In honor of Black History Month, Family Discovery Day will also include workshops on Four Key Resources for African-American Research, and The Freedmen’s Bureau Records Project. The Freedmen’s Bureau was organized by Congressional order in 1865 at the end of the Civil War for purposes of assisting freed slaves. Freedmen’s Bureau records include marriage registers, census lists, labor contracts, hospital registers, some birth, death and burial records, educational, and other information. According to the NARA, these records contain “some of the most valuable records of the black experience in the second half of the 1800s” (archives.org).

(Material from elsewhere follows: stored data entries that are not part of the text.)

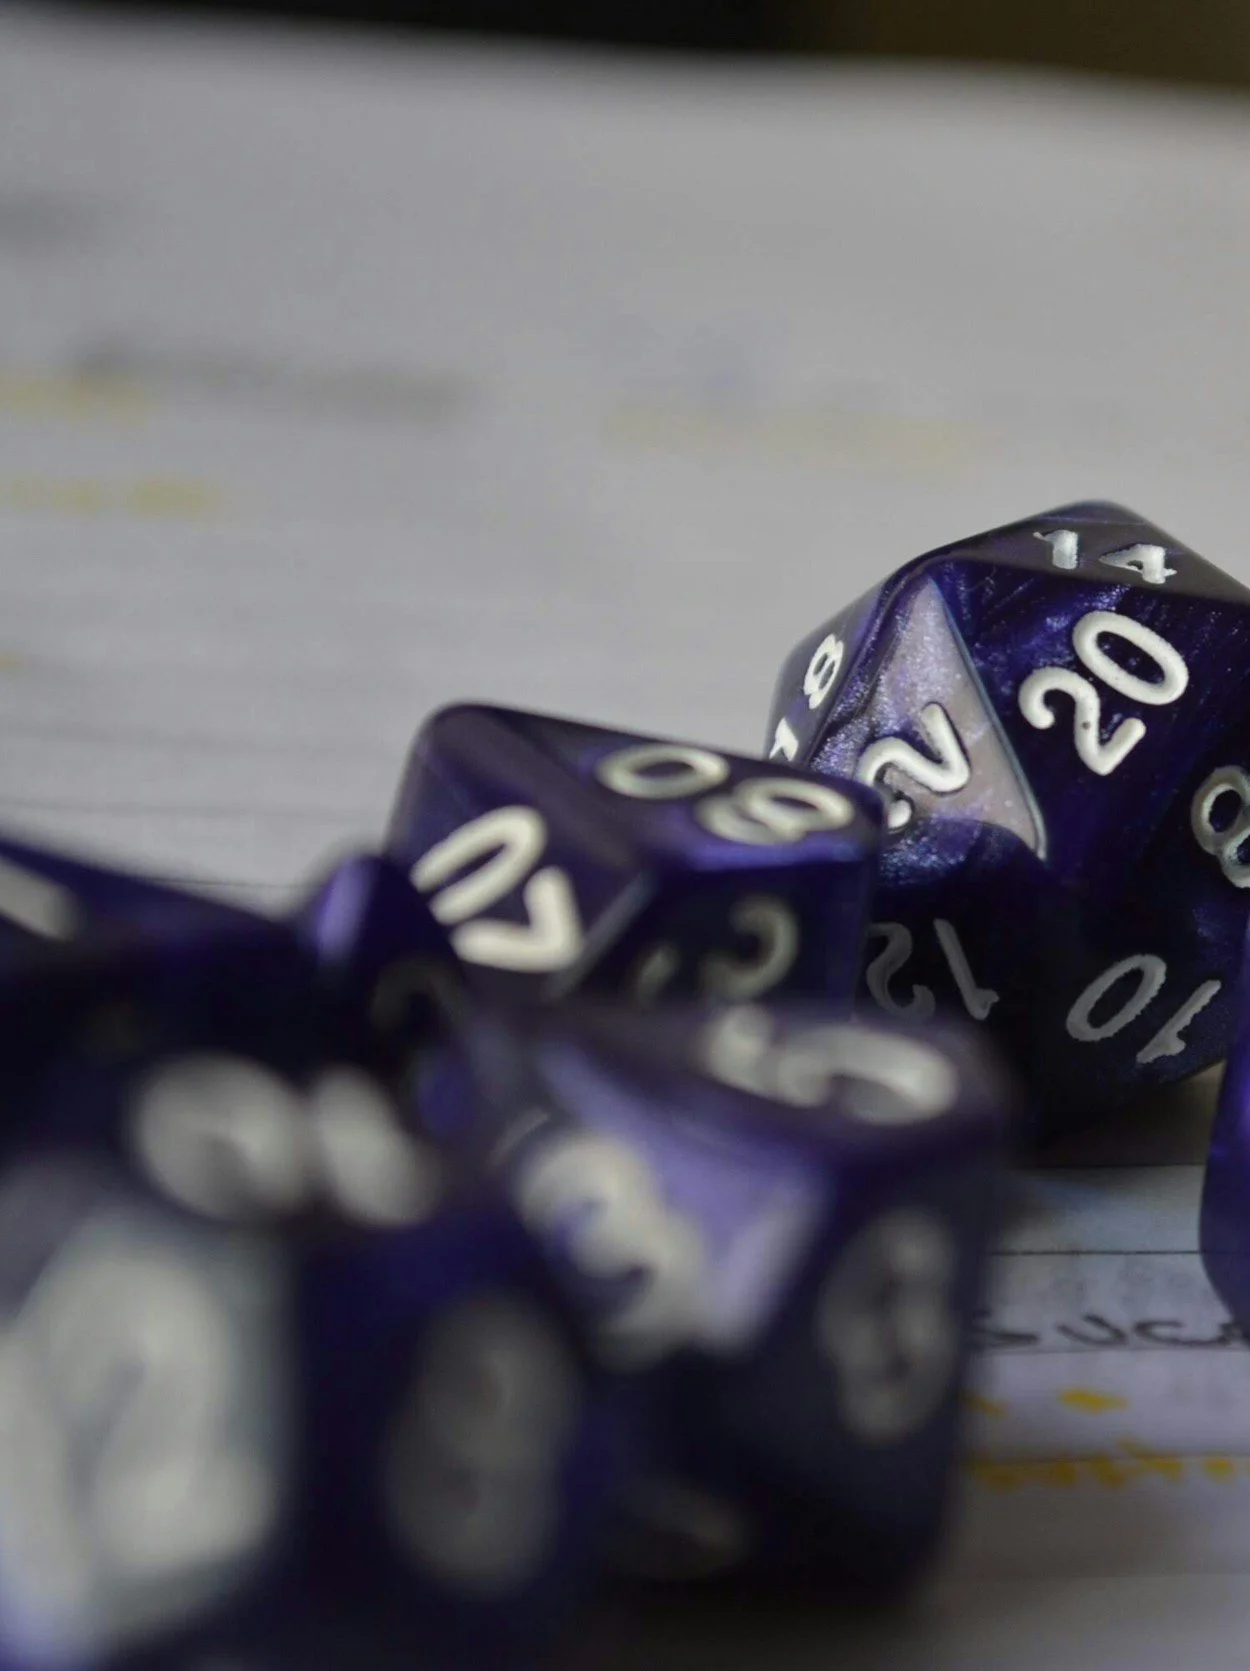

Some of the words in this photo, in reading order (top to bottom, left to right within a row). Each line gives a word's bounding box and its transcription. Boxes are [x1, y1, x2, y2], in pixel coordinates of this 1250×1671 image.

[1033, 530, 1177, 584] 14
[1018, 610, 1189, 775] 20
[597, 743, 855, 846] 80
[1065, 953, 1222, 1066] 10
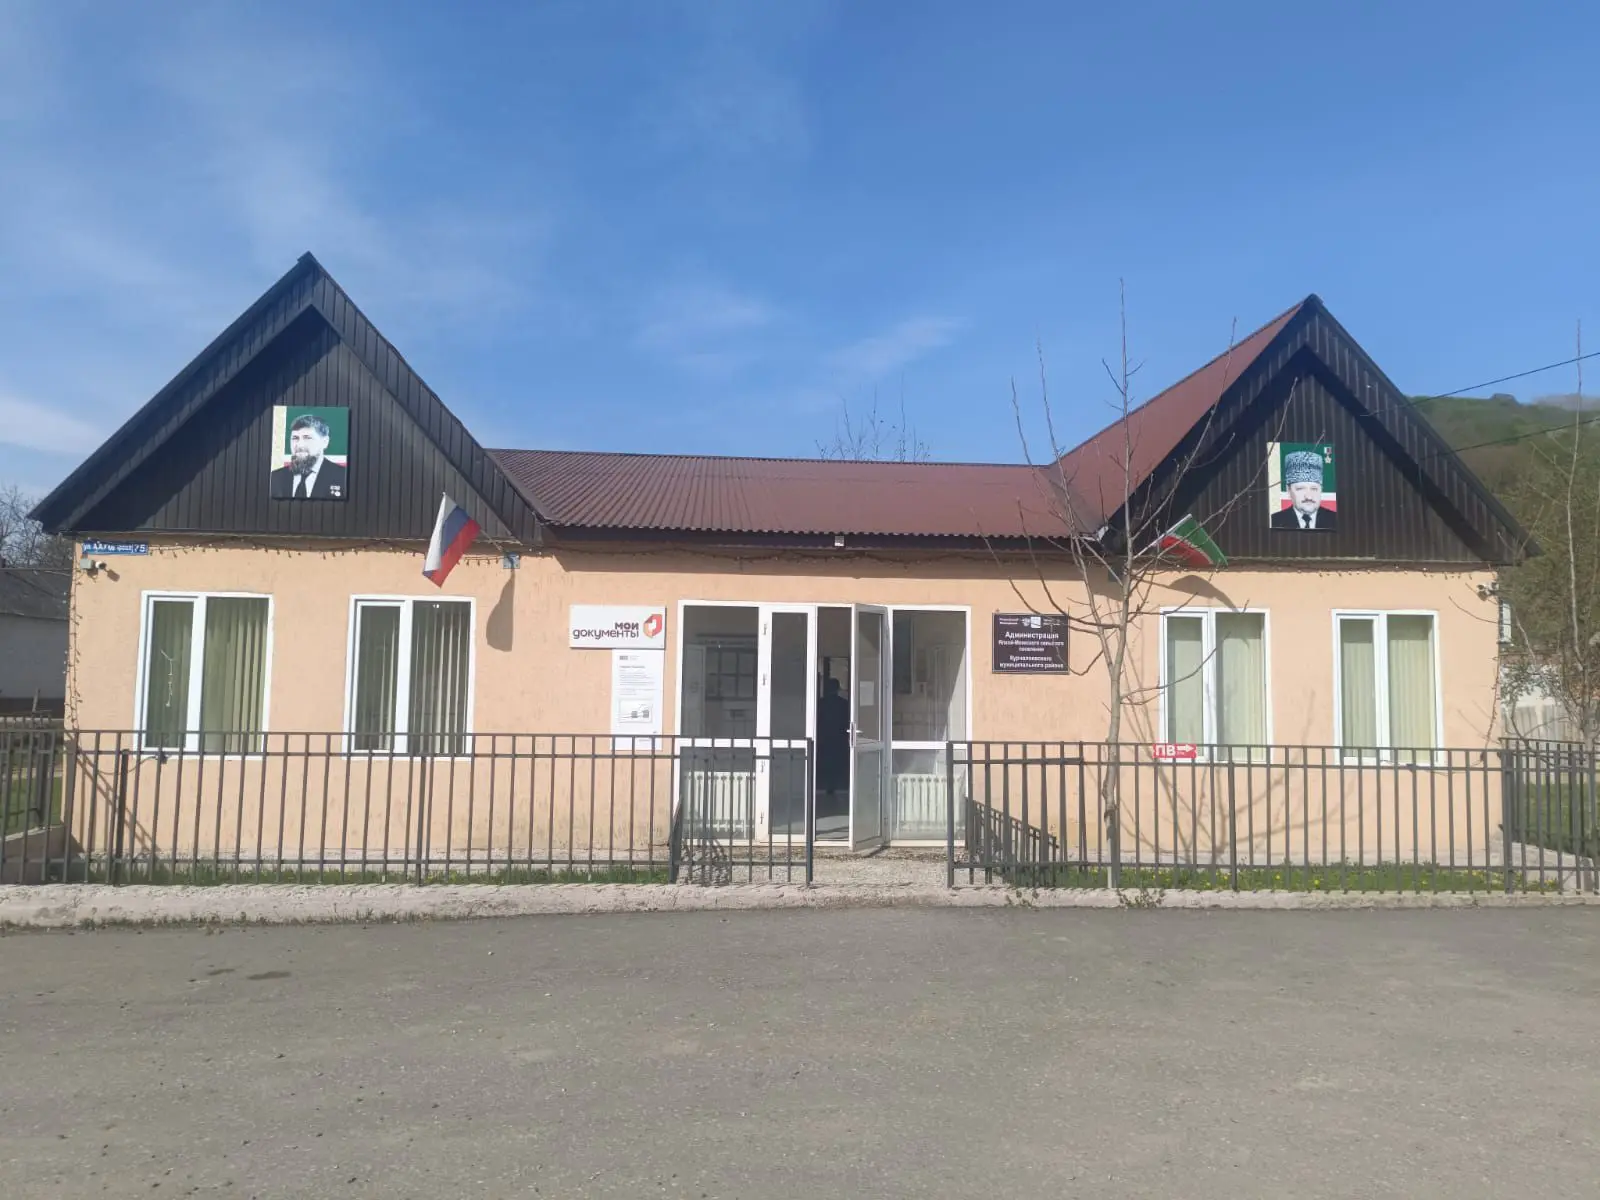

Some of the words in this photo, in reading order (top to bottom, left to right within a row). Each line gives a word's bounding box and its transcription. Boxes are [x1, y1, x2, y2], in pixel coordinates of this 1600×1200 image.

[615, 622, 639, 630] мои
[572, 629, 639, 640] документы
[1005, 631, 1059, 640] Администрация
[1155, 744, 1176, 757] ПВ
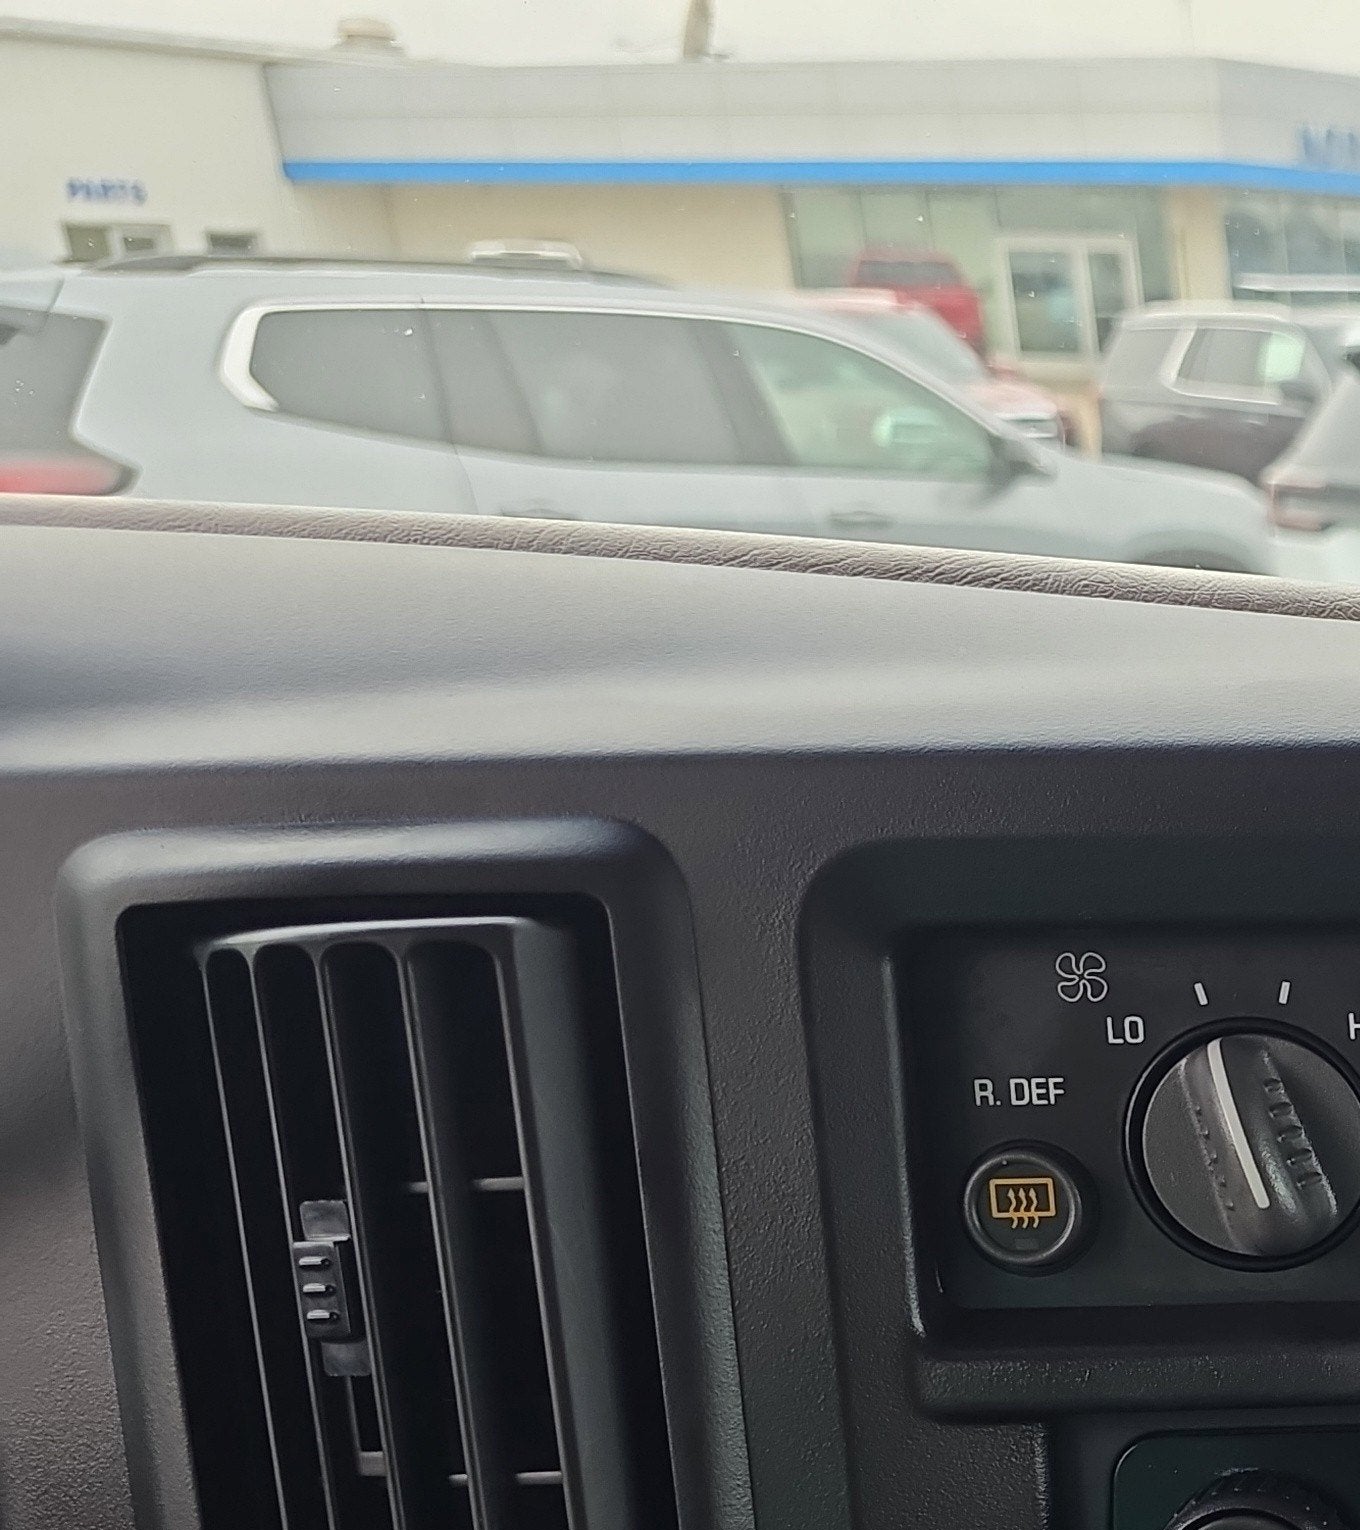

The original documents – nearly a century and a half old – are preserved in the National Archives Building in Washington, DC – torn, crumbling, and some in good shape (archives.gov). In 2015, about 19,000 volunteers from the Afro-American Historical and Genealogical Society’s nationwide chapters, the Smithsonian, and The Church of Jesus Christ of Latter-day Saints partnered with the NARA to digitally index the records. The indexing effort was unprecedented. In over 100 indexing events and by 2016, nearly 1.8 million records relating to African Americans directly following emancipation have been digitally indexed. The LDS Church presented the historic Freedmen’s Bureau Database to the National Museum of African American History and Culture in December 2016. The records are also available on FamilySearch.org.